I went through the Cisco onsite loop a couple months ago for a senior individual contributor role. The behavioral component was a full 45-minute round on its own, separate from the technical rounds. I wasn't expecting that much dedicated behavioral time so I'm writing this up for anyone else who might underestimate it.
Cisco has a published set of values they call Conscious Culture. The interviewers reference these explicitly. They're not hidden or abstract: integrity, transparency, collaboration, and sustainability come up. The questions map directly to them.
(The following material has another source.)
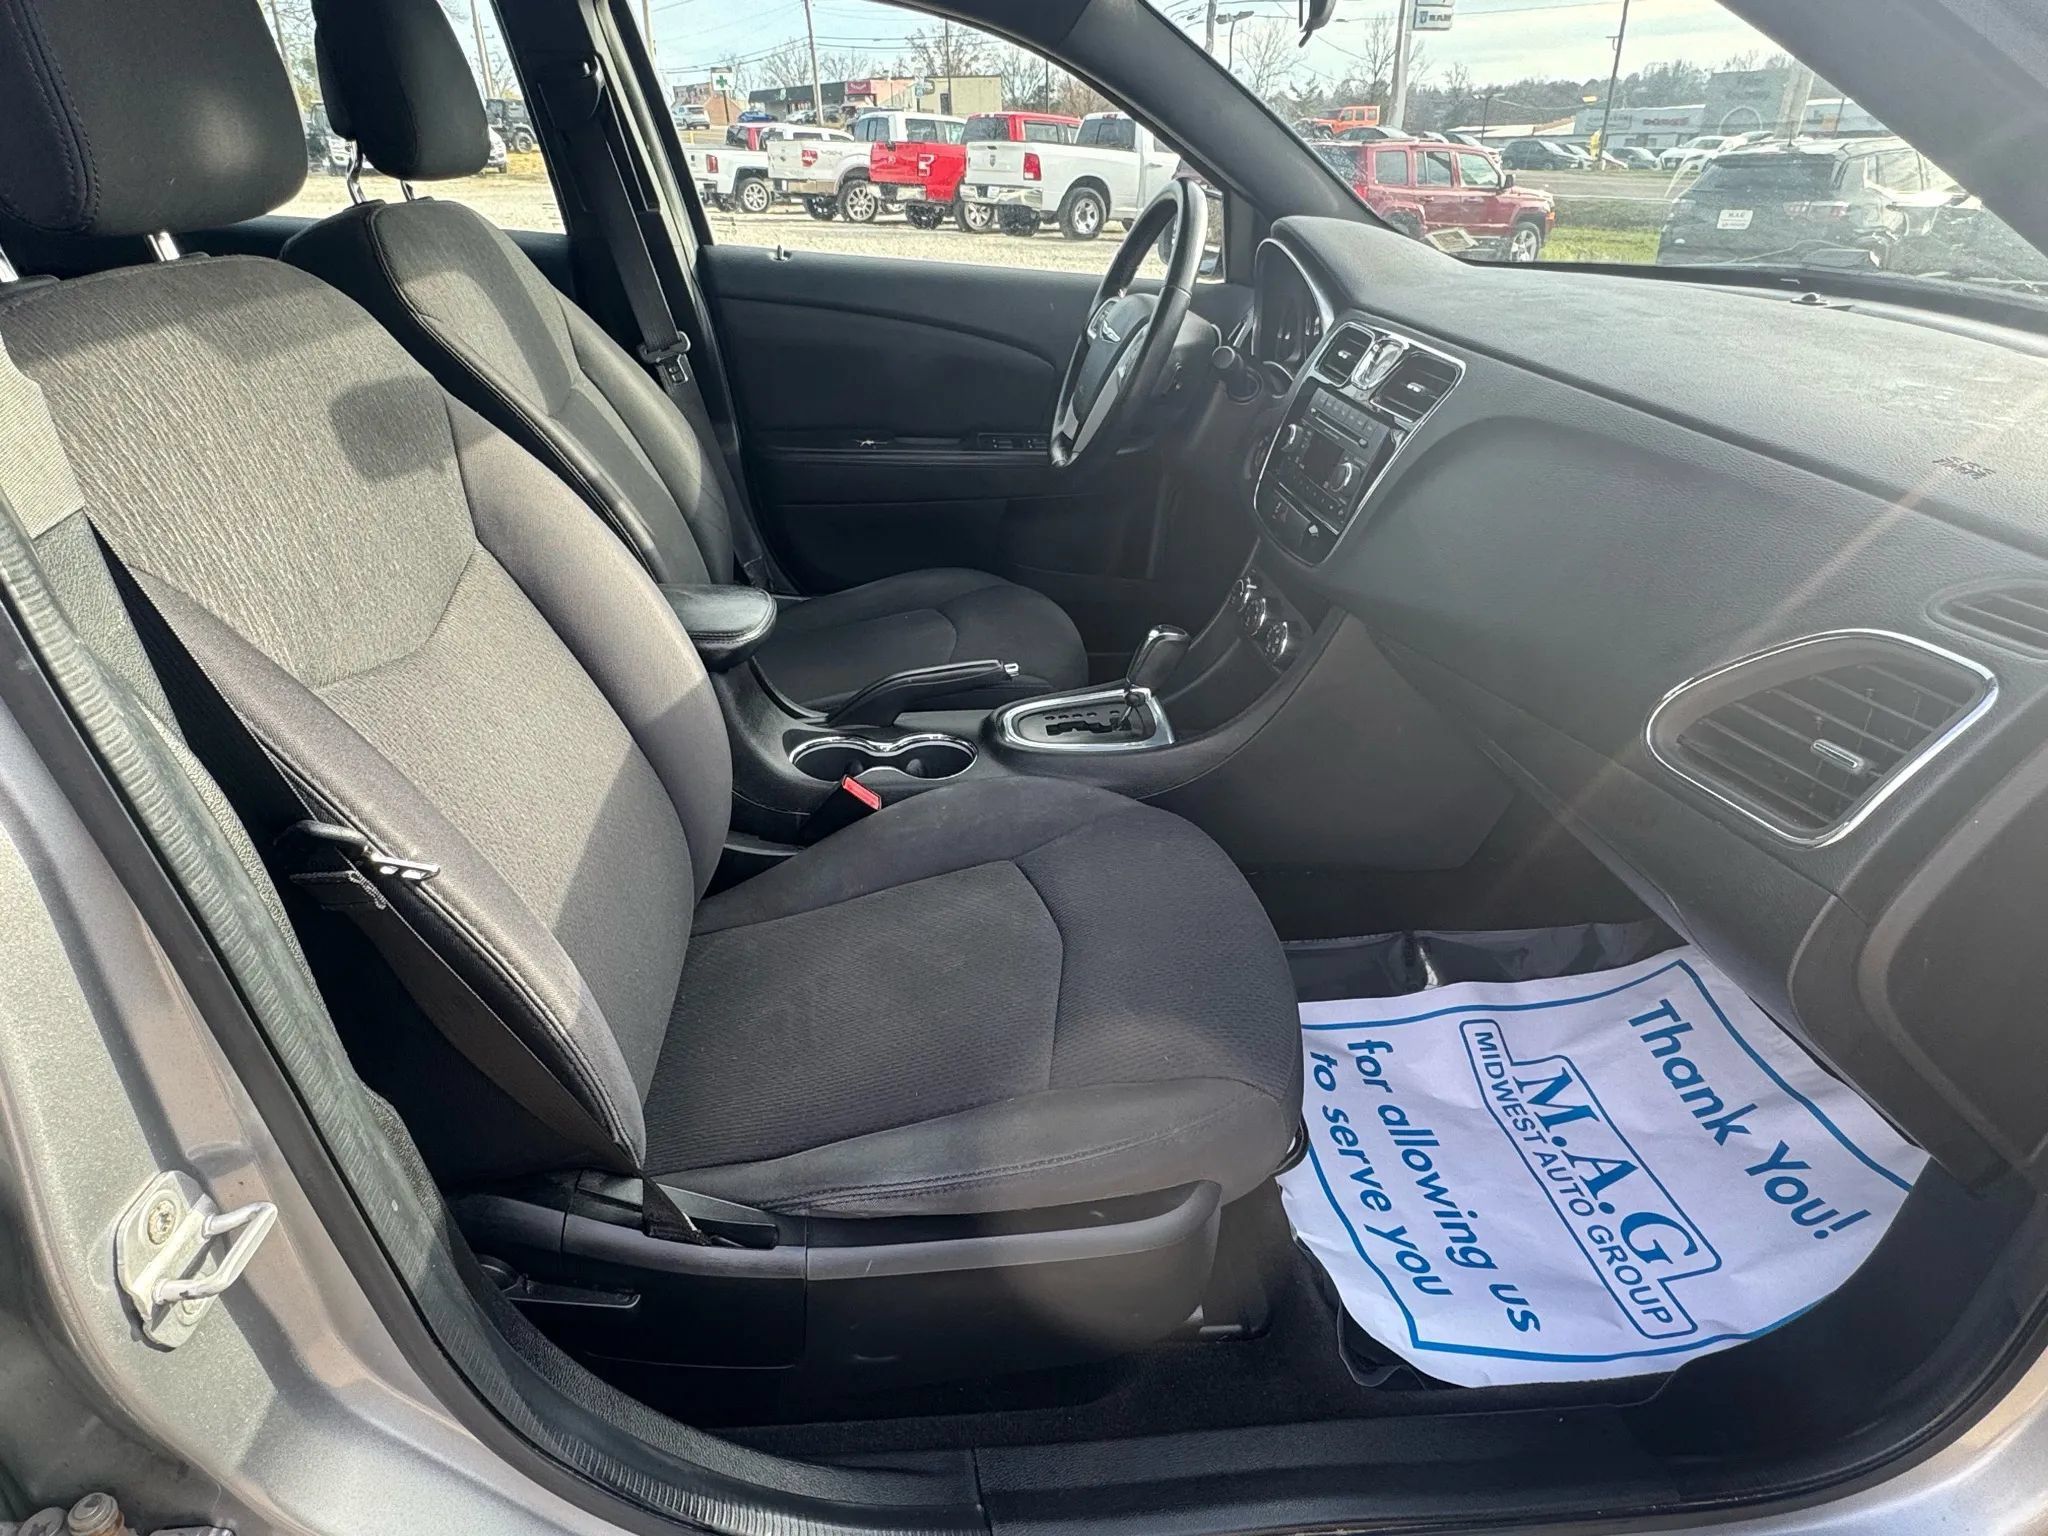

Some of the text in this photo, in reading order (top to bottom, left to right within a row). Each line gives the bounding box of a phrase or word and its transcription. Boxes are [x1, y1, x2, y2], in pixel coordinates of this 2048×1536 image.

[1309, 1051, 1454, 1298] to serve you
[1347, 1038, 1542, 1335] for allowing us
[1474, 1030, 1674, 1326] MIDWEST AUTO GROUP
[1628, 999, 1872, 1240] Thank You!
Questions I was actually asked:
On collaboration: "Tell me about a time you had a major technical disagreement with a teammate and how you resolved it." They wanted specifics, not a vague "we talked it out." I gave a story about a caching architecture debate with a colleague and had to explain what actually changed my mind.
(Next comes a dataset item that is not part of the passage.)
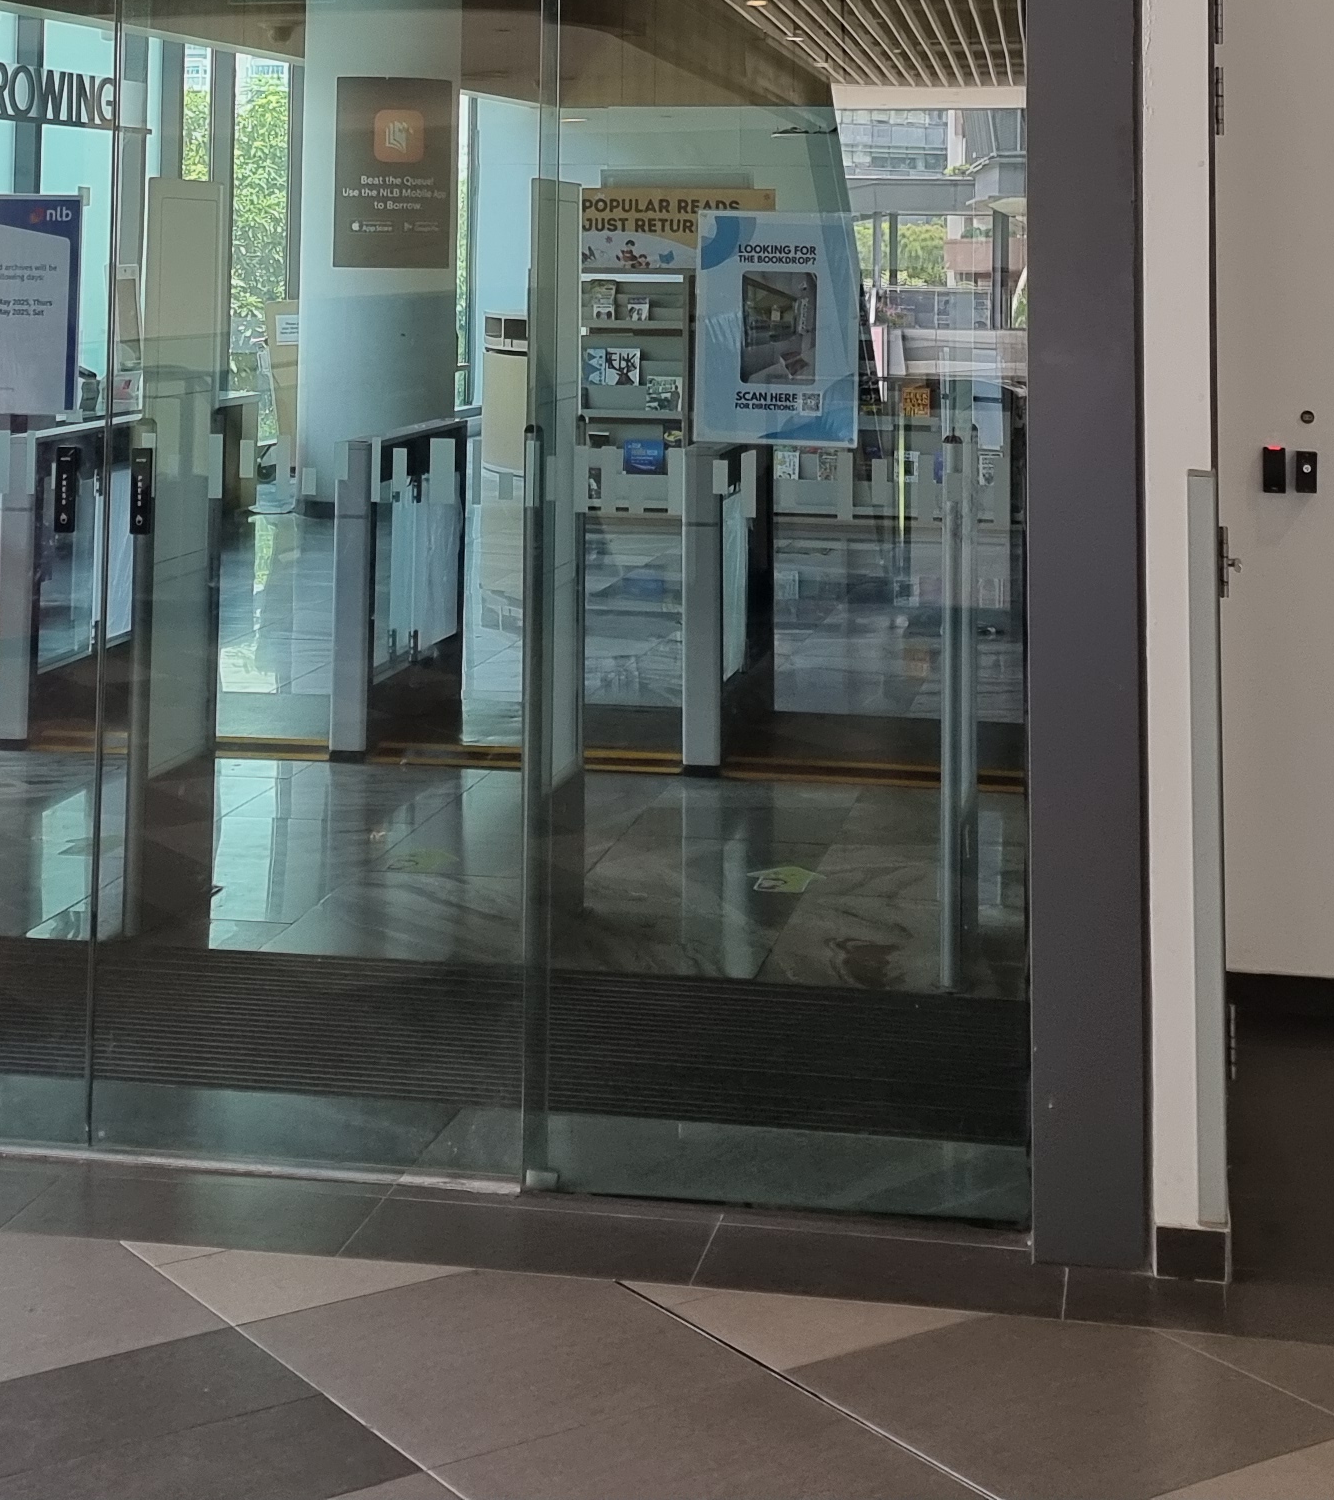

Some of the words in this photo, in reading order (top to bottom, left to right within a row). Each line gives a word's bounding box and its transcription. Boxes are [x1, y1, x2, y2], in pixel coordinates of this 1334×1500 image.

On inclusion/integrity: "Describe a situation where you noticed someone on your team being excluded from decisions. What did you do?" This one caught me off guard. It's not a typical behavioral question at most companies.
On customer focus: "Tell me about a time a product decision caused problems for end users and how you handled it." This one felt closer to the Cisco enterprise customer context.
On ownership: "Give me an example of a time you took responsibility for something that technically wasn't your problem." Classic, but they wanted a recent example, not something from 5 years ago.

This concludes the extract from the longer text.